THE PROBLEM: Would you write out the lines from the one containing "Some of the text" to the end of the records below, exactly and in full, please?
__________________________________________________
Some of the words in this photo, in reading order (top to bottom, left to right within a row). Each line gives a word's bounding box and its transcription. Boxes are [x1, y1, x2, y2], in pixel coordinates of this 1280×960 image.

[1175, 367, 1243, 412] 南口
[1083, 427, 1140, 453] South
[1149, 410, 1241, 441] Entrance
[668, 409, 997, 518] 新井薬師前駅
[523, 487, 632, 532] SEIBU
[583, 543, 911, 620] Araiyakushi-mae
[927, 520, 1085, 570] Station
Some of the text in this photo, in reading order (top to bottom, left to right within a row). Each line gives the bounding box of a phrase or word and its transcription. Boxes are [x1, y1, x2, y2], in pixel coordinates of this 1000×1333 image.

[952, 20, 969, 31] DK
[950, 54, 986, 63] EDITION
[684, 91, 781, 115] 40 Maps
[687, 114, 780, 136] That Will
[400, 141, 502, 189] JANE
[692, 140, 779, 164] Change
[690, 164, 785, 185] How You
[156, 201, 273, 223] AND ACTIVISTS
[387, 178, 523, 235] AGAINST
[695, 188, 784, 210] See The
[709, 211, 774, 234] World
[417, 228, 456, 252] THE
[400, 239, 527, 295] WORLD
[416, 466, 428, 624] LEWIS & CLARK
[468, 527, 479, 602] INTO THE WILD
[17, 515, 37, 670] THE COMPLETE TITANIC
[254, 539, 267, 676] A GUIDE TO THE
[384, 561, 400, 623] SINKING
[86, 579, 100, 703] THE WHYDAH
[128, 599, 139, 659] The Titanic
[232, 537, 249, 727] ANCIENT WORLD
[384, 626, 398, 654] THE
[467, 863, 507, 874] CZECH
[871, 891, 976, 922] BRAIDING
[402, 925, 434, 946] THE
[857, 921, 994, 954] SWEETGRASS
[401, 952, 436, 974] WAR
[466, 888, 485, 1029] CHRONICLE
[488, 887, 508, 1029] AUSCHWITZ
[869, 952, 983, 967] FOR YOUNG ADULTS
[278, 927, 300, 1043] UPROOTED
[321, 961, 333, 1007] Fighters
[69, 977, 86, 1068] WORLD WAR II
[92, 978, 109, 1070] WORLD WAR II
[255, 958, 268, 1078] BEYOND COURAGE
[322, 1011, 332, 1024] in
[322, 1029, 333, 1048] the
__________________________________________________
ANSWER BELOW:
Some of the text in this photo, in reading order (top to bottom, left to right within a row). Each line gives the bounding box of a phrase or word and its transcription. Boxes are [x1, y1, x2, y2], in pixel coordinates of this 1000×1333 image.

[952, 20, 969, 31] DK
[950, 54, 986, 63] EDITION
[684, 91, 781, 115] 40 Maps
[687, 114, 780, 136] That Will
[400, 141, 502, 189] JANE
[692, 140, 779, 164] Change
[690, 164, 785, 185] How You
[156, 201, 273, 223] AND ACTIVISTS
[387, 178, 523, 235] AGAINST
[695, 188, 784, 210] See The
[709, 211, 774, 234] World
[417, 228, 456, 252] THE
[400, 239, 527, 295] WORLD
[416, 466, 428, 624] LEWIS & CLARK
[468, 527, 479, 602] INTO THE WILD
[17, 515, 37, 670] THE COMPLETE TITANIC
[254, 539, 267, 676] A GUIDE TO THE
[384, 561, 400, 623] SINKING
[86, 579, 100, 703] THE WHYDAH
[128, 599, 139, 659] The Titanic
[232, 537, 249, 727] ANCIENT WORLD
[384, 626, 398, 654] THE
[467, 863, 507, 874] CZECH
[871, 891, 976, 922] BRAIDING
[402, 925, 434, 946] THE
[857, 921, 994, 954] SWEETGRASS
[401, 952, 436, 974] WAR
[466, 888, 485, 1029] CHRONICLE
[488, 887, 508, 1029] AUSCHWITZ
[869, 952, 983, 967] FOR YOUNG ADULTS
[278, 927, 300, 1043] UPROOTED
[321, 961, 333, 1007] Fighters
[69, 977, 86, 1068] WORLD WAR II
[92, 978, 109, 1070] WORLD WAR II
[255, 958, 268, 1078] BEYOND COURAGE
[322, 1011, 332, 1024] in
[322, 1029, 333, 1048] the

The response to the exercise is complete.